[Stored data entries]
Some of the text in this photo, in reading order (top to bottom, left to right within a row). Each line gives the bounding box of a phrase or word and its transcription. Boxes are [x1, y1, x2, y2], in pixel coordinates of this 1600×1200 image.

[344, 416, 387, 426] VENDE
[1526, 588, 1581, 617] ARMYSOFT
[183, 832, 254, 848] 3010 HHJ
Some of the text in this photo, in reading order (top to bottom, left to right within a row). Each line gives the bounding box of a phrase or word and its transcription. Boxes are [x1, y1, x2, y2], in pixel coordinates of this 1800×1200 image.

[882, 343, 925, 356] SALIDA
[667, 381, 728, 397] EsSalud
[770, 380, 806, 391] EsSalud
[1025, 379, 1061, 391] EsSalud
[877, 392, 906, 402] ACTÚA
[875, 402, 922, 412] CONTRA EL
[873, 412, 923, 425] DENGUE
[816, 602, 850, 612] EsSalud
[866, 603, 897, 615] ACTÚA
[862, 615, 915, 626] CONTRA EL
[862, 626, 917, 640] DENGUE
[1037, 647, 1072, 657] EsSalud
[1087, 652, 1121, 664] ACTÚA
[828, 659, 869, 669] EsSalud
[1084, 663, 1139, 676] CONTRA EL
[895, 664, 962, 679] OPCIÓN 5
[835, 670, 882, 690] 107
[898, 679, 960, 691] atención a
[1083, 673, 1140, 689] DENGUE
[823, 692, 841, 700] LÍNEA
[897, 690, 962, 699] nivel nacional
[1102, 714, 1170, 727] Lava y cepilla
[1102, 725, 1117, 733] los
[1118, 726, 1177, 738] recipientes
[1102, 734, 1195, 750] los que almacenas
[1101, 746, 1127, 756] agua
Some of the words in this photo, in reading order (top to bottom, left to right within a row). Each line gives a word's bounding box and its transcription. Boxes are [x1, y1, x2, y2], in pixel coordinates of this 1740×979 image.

• [Task]: Above are the records; retype every one exactly.

• [Result of this exercise]:
Some of the text in this photo, in reading order (top to bottom, left to right within a row). Each line gives the bounding box of a phrase or word and its transcription. Boxes are [x1, y1, x2, y2], in pixel coordinates of this 1600×1200 image.

[344, 416, 387, 426] VENDE
[1526, 588, 1581, 617] ARMYSOFT
[183, 832, 254, 848] 3010 HHJ
Some of the text in this photo, in reading order (top to bottom, left to right within a row). Each line gives the bounding box of a phrase or word and its transcription. Boxes are [x1, y1, x2, y2], in pixel coordinates of this 1800×1200 image.

[882, 343, 925, 356] SALIDA
[667, 381, 728, 397] EsSalud
[770, 380, 806, 391] EsSalud
[1025, 379, 1061, 391] EsSalud
[877, 392, 906, 402] ACTÚA
[875, 402, 922, 412] CONTRA EL
[873, 412, 923, 425] DENGUE
[816, 602, 850, 612] EsSalud
[866, 603, 897, 615] ACTÚA
[862, 615, 915, 626] CONTRA EL
[862, 626, 917, 640] DENGUE
[1037, 647, 1072, 657] EsSalud
[1087, 652, 1121, 664] ACTÚA
[828, 659, 869, 669] EsSalud
[1084, 663, 1139, 676] CONTRA EL
[895, 664, 962, 679] OPCIÓN 5
[835, 670, 882, 690] 107
[898, 679, 960, 691] atención a
[1083, 673, 1140, 689] DENGUE
[823, 692, 841, 700] LÍNEA
[897, 690, 962, 699] nivel nacional
[1102, 714, 1170, 727] Lava y cepilla
[1102, 725, 1117, 733] los
[1118, 726, 1177, 738] recipientes
[1102, 734, 1195, 750] los que almacenas
[1101, 746, 1127, 756] agua
Some of the words in this photo, in reading order (top to bottom, left to right within a row). Each line gives a word's bounding box and its transcription. Boxes are [x1, y1, x2, y2], in pixel coordinates of this 1740×979 image.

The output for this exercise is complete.